(Phrase grounding data)
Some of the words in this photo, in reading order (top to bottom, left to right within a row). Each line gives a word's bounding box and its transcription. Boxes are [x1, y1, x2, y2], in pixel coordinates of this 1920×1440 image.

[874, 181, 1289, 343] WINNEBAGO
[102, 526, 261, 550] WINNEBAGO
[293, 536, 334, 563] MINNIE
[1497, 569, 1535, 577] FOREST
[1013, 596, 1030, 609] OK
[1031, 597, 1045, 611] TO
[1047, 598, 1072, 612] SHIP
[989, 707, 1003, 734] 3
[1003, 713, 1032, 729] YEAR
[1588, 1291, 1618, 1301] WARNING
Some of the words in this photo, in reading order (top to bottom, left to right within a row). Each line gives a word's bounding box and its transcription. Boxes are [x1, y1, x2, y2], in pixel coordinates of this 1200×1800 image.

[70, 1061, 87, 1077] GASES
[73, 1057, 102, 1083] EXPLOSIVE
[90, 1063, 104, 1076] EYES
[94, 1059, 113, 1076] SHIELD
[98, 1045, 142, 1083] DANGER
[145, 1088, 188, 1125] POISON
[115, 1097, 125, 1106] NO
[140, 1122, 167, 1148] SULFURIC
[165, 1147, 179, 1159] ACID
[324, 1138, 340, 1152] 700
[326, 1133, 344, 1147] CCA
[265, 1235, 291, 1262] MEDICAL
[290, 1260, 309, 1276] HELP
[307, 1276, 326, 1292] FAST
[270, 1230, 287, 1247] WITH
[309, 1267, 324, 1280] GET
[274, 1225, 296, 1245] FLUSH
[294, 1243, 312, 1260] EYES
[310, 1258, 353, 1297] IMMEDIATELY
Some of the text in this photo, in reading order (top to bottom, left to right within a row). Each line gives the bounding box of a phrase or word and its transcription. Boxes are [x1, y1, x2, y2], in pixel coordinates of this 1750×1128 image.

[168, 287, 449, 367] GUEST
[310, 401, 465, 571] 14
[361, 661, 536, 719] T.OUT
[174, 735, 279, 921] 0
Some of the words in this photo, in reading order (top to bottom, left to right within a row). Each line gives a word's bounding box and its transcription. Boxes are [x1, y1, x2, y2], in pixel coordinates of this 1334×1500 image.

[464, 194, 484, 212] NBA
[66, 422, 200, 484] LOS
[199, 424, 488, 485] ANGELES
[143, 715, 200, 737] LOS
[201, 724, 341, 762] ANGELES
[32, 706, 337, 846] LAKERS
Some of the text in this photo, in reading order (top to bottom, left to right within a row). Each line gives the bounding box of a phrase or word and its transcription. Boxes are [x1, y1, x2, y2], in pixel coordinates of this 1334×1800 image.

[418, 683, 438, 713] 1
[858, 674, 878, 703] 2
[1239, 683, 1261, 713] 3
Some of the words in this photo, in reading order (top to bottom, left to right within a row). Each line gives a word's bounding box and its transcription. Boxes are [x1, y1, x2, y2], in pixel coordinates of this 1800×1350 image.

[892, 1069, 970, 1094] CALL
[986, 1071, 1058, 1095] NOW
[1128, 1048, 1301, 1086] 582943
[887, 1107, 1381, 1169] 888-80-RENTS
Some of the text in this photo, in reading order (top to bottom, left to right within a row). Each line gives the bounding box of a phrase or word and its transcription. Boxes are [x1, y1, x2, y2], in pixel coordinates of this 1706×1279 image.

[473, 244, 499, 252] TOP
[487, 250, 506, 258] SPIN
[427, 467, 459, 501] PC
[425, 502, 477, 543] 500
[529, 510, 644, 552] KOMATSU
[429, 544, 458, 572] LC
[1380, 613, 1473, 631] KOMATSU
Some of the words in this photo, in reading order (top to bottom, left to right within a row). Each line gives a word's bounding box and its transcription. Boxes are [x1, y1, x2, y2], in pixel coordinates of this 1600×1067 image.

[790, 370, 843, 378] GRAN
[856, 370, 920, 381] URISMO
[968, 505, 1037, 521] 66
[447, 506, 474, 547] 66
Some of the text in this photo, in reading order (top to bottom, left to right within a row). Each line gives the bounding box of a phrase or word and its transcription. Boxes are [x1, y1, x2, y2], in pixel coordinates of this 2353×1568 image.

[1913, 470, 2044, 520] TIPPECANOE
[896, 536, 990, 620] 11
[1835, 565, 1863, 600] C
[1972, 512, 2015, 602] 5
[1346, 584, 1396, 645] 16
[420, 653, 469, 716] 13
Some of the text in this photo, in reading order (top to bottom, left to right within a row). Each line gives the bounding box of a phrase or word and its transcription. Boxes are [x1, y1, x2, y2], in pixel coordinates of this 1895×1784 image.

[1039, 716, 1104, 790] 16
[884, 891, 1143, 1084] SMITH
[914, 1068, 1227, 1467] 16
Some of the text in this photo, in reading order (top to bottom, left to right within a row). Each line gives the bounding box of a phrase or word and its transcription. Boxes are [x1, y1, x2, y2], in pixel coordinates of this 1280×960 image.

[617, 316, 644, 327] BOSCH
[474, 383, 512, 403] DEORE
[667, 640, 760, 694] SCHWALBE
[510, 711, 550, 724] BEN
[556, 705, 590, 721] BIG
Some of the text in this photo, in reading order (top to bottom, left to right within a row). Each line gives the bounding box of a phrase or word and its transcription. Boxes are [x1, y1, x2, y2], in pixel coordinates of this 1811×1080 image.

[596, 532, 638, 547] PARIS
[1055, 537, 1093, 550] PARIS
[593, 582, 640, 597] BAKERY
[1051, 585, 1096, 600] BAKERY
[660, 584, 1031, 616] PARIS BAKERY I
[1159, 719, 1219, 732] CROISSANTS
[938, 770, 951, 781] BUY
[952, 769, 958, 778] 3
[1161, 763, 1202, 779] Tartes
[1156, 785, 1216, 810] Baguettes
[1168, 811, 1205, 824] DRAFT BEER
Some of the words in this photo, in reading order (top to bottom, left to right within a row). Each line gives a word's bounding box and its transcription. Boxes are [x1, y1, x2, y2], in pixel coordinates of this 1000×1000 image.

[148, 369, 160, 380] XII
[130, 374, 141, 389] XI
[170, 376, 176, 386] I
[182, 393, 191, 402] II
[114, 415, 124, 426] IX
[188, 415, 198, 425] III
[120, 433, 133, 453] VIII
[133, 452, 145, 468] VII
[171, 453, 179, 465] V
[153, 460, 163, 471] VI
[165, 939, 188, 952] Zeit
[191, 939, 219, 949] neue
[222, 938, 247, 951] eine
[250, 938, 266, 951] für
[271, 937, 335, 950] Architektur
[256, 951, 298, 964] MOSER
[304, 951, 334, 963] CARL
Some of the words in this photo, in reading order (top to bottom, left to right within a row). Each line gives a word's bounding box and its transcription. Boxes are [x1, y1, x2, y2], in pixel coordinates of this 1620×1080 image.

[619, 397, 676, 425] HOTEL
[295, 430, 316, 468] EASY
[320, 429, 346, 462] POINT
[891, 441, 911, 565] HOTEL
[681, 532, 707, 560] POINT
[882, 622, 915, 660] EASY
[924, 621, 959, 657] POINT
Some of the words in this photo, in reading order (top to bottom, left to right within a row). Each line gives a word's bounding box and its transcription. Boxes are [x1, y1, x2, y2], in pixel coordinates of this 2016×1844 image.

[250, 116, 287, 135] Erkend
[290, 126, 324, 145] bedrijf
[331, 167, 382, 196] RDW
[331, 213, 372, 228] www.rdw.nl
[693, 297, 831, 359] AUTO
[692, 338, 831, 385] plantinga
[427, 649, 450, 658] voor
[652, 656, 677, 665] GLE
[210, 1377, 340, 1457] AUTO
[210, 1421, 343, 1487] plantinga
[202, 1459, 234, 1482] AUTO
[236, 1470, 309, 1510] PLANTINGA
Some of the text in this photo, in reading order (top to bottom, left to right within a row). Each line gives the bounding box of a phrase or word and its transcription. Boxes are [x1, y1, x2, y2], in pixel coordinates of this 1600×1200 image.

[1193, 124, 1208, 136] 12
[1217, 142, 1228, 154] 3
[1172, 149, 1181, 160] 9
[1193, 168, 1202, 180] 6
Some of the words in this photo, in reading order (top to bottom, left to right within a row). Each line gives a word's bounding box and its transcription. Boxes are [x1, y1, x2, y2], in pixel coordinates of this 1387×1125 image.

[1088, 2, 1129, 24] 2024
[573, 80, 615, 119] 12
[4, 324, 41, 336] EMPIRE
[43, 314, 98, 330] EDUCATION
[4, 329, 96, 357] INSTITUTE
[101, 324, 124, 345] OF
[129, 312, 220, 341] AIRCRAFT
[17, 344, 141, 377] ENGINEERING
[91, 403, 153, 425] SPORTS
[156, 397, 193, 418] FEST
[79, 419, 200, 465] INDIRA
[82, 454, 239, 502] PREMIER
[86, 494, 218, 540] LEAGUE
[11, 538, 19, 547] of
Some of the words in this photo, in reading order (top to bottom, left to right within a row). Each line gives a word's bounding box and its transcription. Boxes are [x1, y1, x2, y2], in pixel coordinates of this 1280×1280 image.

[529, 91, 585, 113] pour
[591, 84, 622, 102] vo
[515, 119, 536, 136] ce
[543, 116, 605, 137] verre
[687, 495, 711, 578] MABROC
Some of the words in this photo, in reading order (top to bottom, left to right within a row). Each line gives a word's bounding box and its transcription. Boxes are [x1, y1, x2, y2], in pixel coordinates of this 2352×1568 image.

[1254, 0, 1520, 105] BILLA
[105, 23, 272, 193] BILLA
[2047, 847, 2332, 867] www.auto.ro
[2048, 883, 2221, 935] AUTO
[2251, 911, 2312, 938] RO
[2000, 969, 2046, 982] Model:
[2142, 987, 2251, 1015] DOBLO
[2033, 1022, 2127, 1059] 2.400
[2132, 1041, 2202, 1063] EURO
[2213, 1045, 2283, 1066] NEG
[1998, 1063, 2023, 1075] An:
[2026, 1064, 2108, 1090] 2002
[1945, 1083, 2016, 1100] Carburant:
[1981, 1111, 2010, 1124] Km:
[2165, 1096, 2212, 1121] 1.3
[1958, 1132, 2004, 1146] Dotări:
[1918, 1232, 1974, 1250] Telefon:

Exercise details :: The expected output is the lines from the one holding "this 1280×1280 image." through the last line of the data, exactly as they appear, with nothing before or after.

Result ::
Some of the words in this photo, in reading order (top to bottom, left to right within a row). Each line gives a word's bounding box and its transcription. Boxes are [x1, y1, x2, y2], in pixel coordinates of this 1280×1280 image.

[529, 91, 585, 113] pour
[591, 84, 622, 102] vo
[515, 119, 536, 136] ce
[543, 116, 605, 137] verre
[687, 495, 711, 578] MABROC
Some of the words in this photo, in reading order (top to bottom, left to right within a row). Each line gives a word's bounding box and its transcription. Boxes are [x1, y1, x2, y2], in pixel coordinates of this 2352×1568 image.

[1254, 0, 1520, 105] BILLA
[105, 23, 272, 193] BILLA
[2047, 847, 2332, 867] www.auto.ro
[2048, 883, 2221, 935] AUTO
[2251, 911, 2312, 938] RO
[2000, 969, 2046, 982] Model:
[2142, 987, 2251, 1015] DOBLO
[2033, 1022, 2127, 1059] 2.400
[2132, 1041, 2202, 1063] EURO
[2213, 1045, 2283, 1066] NEG
[1998, 1063, 2023, 1075] An:
[2026, 1064, 2108, 1090] 2002
[1945, 1083, 2016, 1100] Carburant:
[1981, 1111, 2010, 1124] Km:
[2165, 1096, 2212, 1121] 1.3
[1958, 1132, 2004, 1146] Dotări:
[1918, 1232, 1974, 1250] Telefon:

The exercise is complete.